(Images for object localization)

★ ★ ★ ★ ★ ★ ★

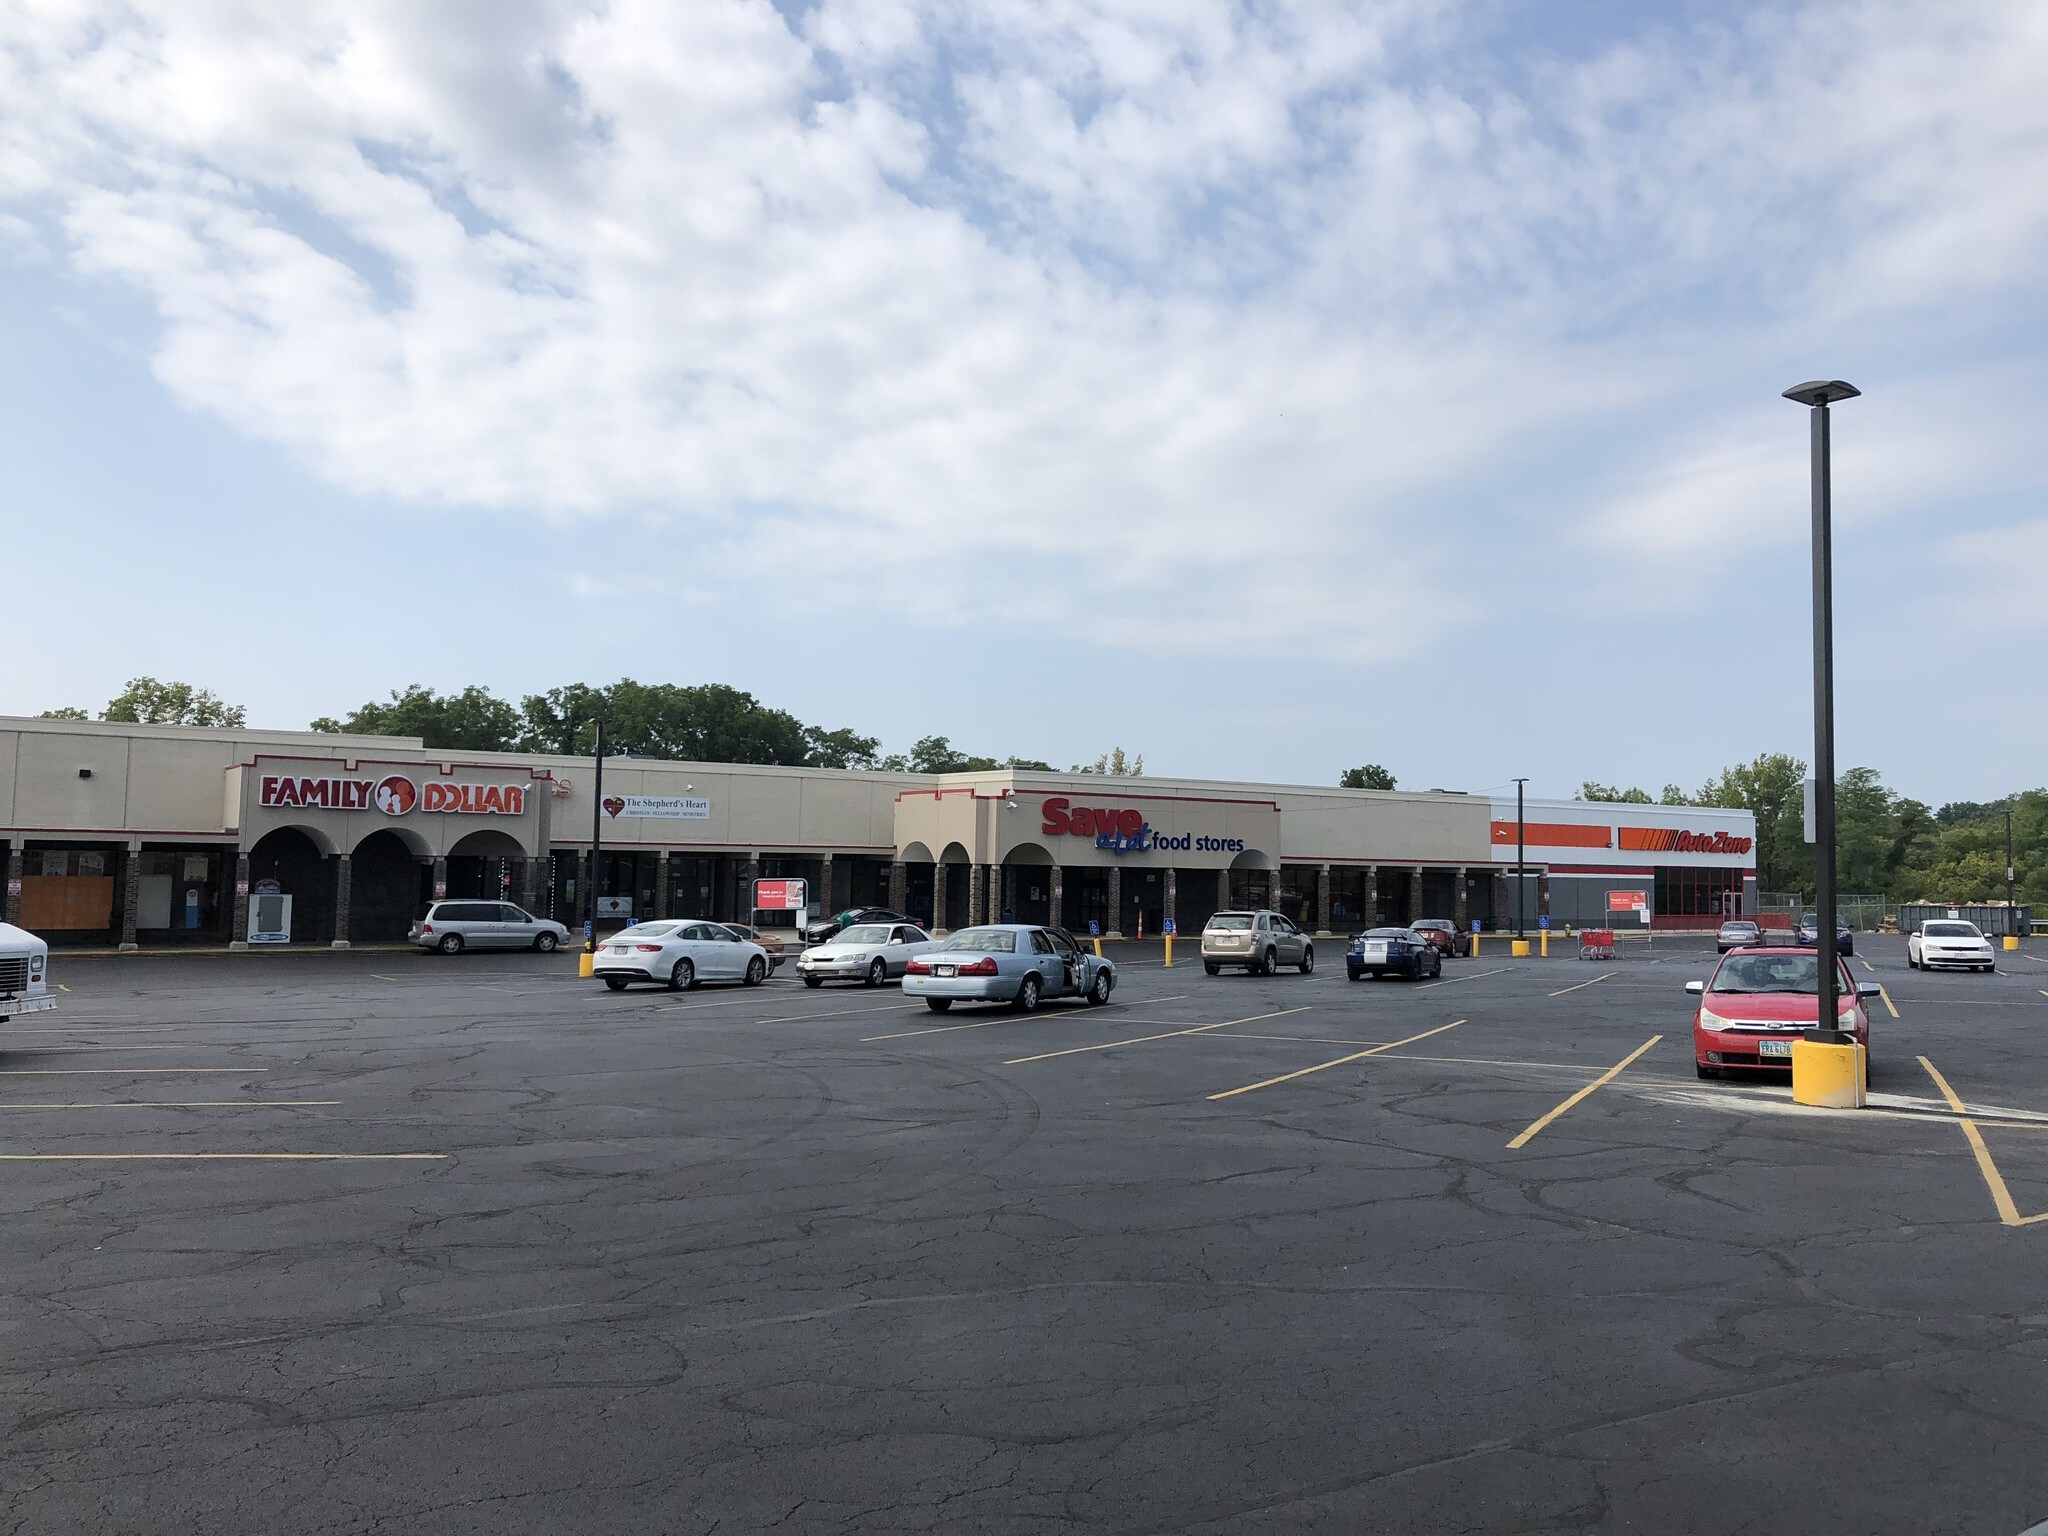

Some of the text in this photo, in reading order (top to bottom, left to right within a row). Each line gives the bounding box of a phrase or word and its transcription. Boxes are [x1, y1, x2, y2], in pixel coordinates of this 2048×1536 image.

[261, 775, 375, 809] FAMILY
[422, 781, 524, 814] DOLLAR
[627, 798, 707, 809] The Shepherd's Heart
[1041, 797, 1143, 836] Save
[1152, 831, 1244, 852] food stores
[1675, 829, 1752, 854] AutoZone

★ ★ ★ ★ ★ ★ ★

Required action
Nothing but an exact repeat of the records, pictures excluded, belongs in the answer.

Your solution
Some of the text in this photo, in reading order (top to bottom, left to right within a row). Each line gives the bounding box of a phrase or word and its transcription. Boxes are [x1, y1, x2, y2], in pixel coordinates of this 2048×1536 image.

[261, 775, 375, 809] FAMILY
[422, 781, 524, 814] DOLLAR
[627, 798, 707, 809] The Shepherd's Heart
[1041, 797, 1143, 836] Save
[1152, 831, 1244, 852] food stores
[1675, 829, 1752, 854] AutoZone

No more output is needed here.